» **Assignment**: Every record is to be printed exactly as written; pictures are to be omitted.
### Records supplied
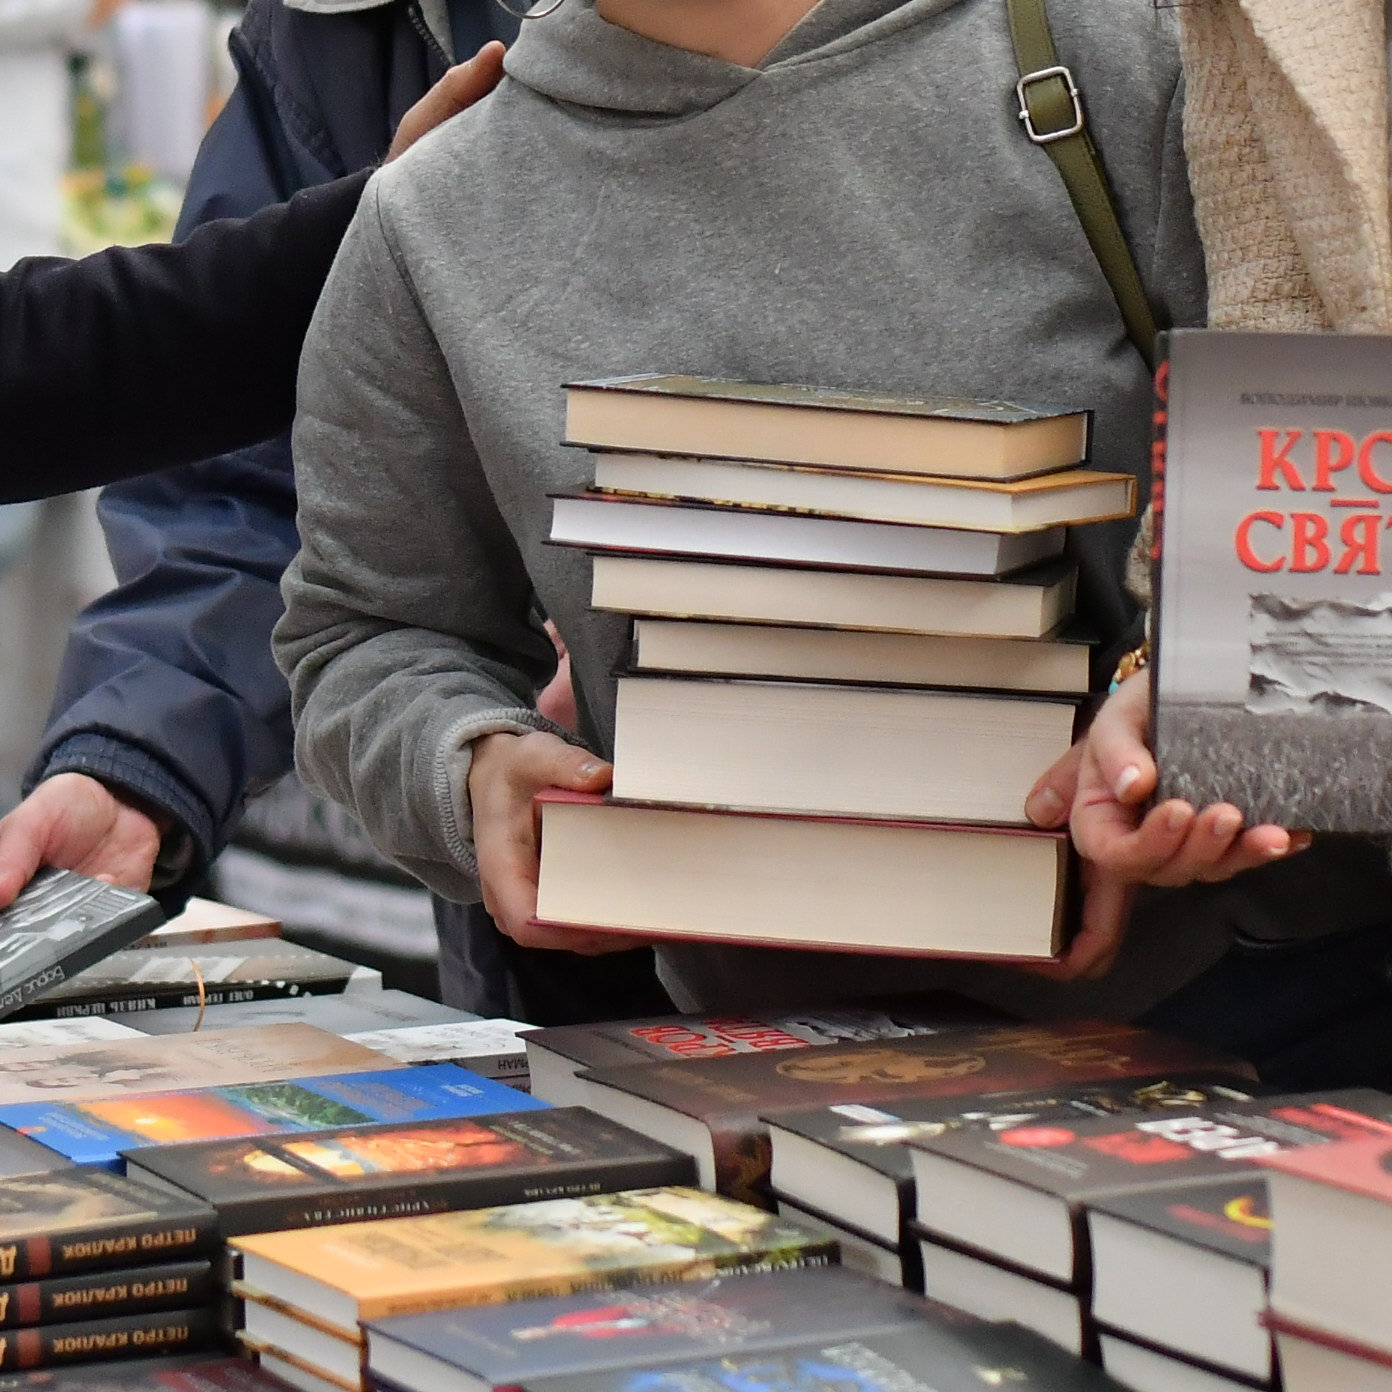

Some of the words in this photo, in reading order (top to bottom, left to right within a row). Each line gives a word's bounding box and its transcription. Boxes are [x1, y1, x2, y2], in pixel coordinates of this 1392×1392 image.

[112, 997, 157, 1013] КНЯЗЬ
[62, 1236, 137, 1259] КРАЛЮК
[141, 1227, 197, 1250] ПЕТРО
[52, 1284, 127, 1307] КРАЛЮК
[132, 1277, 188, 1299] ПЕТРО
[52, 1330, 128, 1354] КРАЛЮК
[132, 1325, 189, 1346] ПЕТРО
######
» **Your solution**:
Some of the words in this photo, in reading order (top to bottom, left to right within a row). Each line gives a word's bounding box and its transcription. Boxes are [x1, y1, x2, y2], in pixel coordinates of this 1392×1392 image.

[112, 997, 157, 1013] КНЯЗЬ
[62, 1236, 137, 1259] КРАЛЮК
[141, 1227, 197, 1250] ПЕТРО
[52, 1284, 127, 1307] КРАЛЮК
[132, 1277, 188, 1299] ПЕТРО
[52, 1330, 128, 1354] КРАЛЮК
[132, 1325, 189, 1346] ПЕТРО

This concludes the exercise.